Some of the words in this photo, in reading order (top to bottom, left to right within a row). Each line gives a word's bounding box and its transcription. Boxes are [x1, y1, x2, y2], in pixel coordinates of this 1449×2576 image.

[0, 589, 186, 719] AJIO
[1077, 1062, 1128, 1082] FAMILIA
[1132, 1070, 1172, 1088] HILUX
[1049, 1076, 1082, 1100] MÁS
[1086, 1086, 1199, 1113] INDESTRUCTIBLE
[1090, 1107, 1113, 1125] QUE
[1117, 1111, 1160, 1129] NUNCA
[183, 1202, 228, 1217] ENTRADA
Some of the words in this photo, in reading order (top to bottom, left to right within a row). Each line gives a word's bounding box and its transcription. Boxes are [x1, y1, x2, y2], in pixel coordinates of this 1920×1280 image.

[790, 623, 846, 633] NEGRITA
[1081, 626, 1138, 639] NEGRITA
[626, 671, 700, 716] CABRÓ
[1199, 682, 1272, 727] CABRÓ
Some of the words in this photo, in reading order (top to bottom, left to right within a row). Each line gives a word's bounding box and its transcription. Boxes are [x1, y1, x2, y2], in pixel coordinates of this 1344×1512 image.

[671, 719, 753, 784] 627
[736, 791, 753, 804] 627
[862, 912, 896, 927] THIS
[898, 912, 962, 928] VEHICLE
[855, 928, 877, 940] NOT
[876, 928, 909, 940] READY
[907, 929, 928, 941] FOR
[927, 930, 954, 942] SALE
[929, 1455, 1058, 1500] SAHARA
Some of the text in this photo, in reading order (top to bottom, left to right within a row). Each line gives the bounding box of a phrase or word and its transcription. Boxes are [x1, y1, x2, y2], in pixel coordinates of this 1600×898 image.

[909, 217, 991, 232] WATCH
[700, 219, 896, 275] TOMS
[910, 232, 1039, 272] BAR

--*--

▶ **Exercise objective**: Each of the entries must be set down exactly, none omitted.

▶ **Response**:
Some of the words in this photo, in reading order (top to bottom, left to right within a row). Each line gives a word's bounding box and its transcription. Boxes are [x1, y1, x2, y2], in pixel coordinates of this 1449×2576 image.

[0, 589, 186, 719] AJIO
[1077, 1062, 1128, 1082] FAMILIA
[1132, 1070, 1172, 1088] HILUX
[1049, 1076, 1082, 1100] MÁS
[1086, 1086, 1199, 1113] INDESTRUCTIBLE
[1090, 1107, 1113, 1125] QUE
[1117, 1111, 1160, 1129] NUNCA
[183, 1202, 228, 1217] ENTRADA
Some of the words in this photo, in reading order (top to bottom, left to right within a row). Each line gives a word's bounding box and its transcription. Boxes are [x1, y1, x2, y2], in pixel coordinates of this 1920×1280 image.

[790, 623, 846, 633] NEGRITA
[1081, 626, 1138, 639] NEGRITA
[626, 671, 700, 716] CABRÓ
[1199, 682, 1272, 727] CABRÓ
Some of the words in this photo, in reading order (top to bottom, left to right within a row). Each line gives a word's bounding box and its transcription. Boxes are [x1, y1, x2, y2], in pixel coordinates of this 1344×1512 image.

[671, 719, 753, 784] 627
[736, 791, 753, 804] 627
[862, 912, 896, 927] THIS
[898, 912, 962, 928] VEHICLE
[855, 928, 877, 940] NOT
[876, 928, 909, 940] READY
[907, 929, 928, 941] FOR
[927, 930, 954, 942] SALE
[929, 1455, 1058, 1500] SAHARA
Some of the text in this photo, in reading order (top to bottom, left to right within a row). Each line gives the bounding box of a phrase or word and its transcription. Boxes are [x1, y1, x2, y2], in pixel coordinates of this 1600×898 image.

[909, 217, 991, 232] WATCH
[700, 219, 896, 275] TOMS
[910, 232, 1039, 272] BAR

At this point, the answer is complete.